Content bottleneck However, all this still misses out a key component — qualitative, authentic, current, high resolution and dynamic ‘geospatial content’ that would make the entire ecosystem functional, relevant and useful. Despite several global and national initiatives, both in the private and public domains, geospatial content remains a big bottleneck in the overall maturity of this industry. On the one hand, there is a flood of content for general consumers but, on the other hand, there is a definite paucity of geospatial content for professionals and businesses, often resulting in technology failure.

Geospatial companies like Esri, Hexagon, Trimble, and Pitney Bowes have been investing in content development and working towards offering content as part of their technology offerings.
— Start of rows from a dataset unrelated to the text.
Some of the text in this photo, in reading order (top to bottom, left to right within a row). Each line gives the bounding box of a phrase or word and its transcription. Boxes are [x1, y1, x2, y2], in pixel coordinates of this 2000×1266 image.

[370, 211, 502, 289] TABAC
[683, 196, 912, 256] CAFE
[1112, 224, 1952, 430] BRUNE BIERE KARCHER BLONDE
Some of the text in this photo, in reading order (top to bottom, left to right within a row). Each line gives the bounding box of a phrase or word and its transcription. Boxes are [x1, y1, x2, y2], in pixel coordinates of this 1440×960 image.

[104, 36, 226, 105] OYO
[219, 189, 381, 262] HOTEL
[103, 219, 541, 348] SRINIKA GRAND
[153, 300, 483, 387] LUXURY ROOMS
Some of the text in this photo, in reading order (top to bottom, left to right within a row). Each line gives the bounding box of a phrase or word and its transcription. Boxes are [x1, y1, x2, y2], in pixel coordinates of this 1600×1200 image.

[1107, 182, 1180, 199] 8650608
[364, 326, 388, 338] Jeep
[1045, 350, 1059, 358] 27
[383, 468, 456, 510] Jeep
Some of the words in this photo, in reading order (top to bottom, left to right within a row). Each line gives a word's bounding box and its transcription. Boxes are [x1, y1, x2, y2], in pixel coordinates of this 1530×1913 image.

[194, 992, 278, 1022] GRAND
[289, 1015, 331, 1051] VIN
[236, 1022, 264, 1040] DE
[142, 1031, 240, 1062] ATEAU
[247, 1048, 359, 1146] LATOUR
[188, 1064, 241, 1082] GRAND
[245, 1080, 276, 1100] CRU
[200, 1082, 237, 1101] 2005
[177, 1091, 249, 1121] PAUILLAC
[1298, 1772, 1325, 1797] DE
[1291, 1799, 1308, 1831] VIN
On the other hand, Google and Microsoft have volumes of content and are offering their technology along with content platforms. National, regional, and global geospatial infrastructures are mandated to serve quality geospatial data to governments, businesses and citizens and also evolve policies and regulations to facilitate conduct of the industries’ organised geospatial data business. Most government agencies are heavily challenged by an ever growing data demand and complex regulatory constraints, making it tougher to live up to market expectations. This is leaving more responsibility on the private sector to build and collaborate for content platforms to appropriately harness the overall momentum and opportunities offered by the market.